Monday, April 26, 2010

BUT ISN'T THE GOP A PARTY OF PALINS NOW?

I tend to believe that Sarah Palin will run for president in 2012 -- but I have to say I'm not as certain as Andrew Sullivan. Nor do I think that she represents a momentous and unique evolutionary (or de-evolutionary) step in the Republican Party's development, as Sullivan does:

...The political parties are weaker than they once were. The elites cannot control grass-roots Internet-driven phenomena. Look at Obama. He seems a natural president now, but Washington dismissed his chances -- as they are now dismissing Palin's -- right up to the Iowa caucuses....

... what we have seen this past year is the collapse of the RNC as it once was and the emergence of a highly lucrative media-ideological-industrial complex. This complex has no interest in traditional journalistic vetting, skepticism, scrutiny of those in power, or asking the tough questions. It has no interest in governing a country. It has an interest in promoting personalities and ideologies and false images of a past America that both flatter and engage its audience....

Add Palin to the mix and you have a whole new machine in American politics -- one with the capacity, as much as Obama's, to upend the established order....


Sullivan thinks she's certain to run ("with that power and that potential funding, how can someone who said she wanted to be president as long ago as 1996 resist?"); I expect her to take a shot, but I think it's also possible she'll decide to be a perpetual possible candidate, a hot-mama Newt Gingrich whose speeches draw crowds (bigger than his) and whose words draw headlines, but who never ultimately runs. I just don't know. It could go either way.

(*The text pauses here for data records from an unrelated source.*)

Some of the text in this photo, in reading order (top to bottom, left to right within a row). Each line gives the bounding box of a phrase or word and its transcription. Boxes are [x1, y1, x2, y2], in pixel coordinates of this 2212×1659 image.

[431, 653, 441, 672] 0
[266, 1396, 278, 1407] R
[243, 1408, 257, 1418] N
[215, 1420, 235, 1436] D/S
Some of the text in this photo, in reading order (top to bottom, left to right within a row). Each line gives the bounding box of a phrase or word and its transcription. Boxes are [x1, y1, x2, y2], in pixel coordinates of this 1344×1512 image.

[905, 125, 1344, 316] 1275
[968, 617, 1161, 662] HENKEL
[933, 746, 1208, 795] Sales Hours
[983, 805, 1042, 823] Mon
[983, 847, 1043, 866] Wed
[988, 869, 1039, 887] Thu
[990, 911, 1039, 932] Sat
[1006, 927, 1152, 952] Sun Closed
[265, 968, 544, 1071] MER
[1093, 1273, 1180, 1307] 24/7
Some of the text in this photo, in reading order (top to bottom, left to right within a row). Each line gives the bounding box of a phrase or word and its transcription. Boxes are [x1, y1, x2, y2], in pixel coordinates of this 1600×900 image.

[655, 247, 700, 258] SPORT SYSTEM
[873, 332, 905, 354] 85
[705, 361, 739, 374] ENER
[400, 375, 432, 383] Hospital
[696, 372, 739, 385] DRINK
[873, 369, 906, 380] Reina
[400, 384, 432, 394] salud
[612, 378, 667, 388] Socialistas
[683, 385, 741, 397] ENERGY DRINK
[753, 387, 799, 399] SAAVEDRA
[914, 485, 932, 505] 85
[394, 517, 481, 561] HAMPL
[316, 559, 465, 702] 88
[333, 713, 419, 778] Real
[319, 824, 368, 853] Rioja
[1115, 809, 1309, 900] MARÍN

I also don't buy the notion that there's Sarah Palin, rogue Net-based megastar, and then there's the rest of the GOP. The way I see it, Palin is just what every other top-level Republican is these days, only more so.

You say she talks exclusively in know-nothing talk radio soundbites? Well, isn't that more or less what every GOP presidential aspirant has begun to do, even if it means jettisoning positions held for years (hello, Mitt Romney and Tim Pawlenty)?

You say she doesn't do media except for Fox News? Well, go read this Ross Douthat blog post. As he notes, the Republican right actually accomplished more in the Reagan years, before the rise of talk radio and Fox, than it has since then, when the right-wing media elevated Gingrich and then Bush -- both of whom utterly failed at governance. It's as if the wingers aren't even bothering to engage the rest of the country apart for the right-wing base (remember Bush's base-only 2004 campaign?), to their ultimate detriment -- and that's just like Palin, except that her exclusivity is more absolute.

The party has ceased to be (as John Podhoretz, quoted by Douthat, puts it) "bilingual" -- Republicans don't even try to talk in the language of the center and left. So when 2012 rolls around, there won't be one Palin running for president -- there'll probably be a dozen. They'll all talk like her. They'll all snark off at liberals and Democrats like her. They'll all call Obama a totalitarian socialist, just like her. In the primary season, they may even all try to blow off the non-right-wing media, just like her -- they'll certainly all express contempt for it.

And that's a big reason why the nomination isn't hers to lose -- she's going to be joined at the fringe by her primary opponents. Because that's the message of the entire modern GOP, not just its Wasilla branch.

(And yes, I realize I should have used the phrase "epistemic closure" in here somewhere.)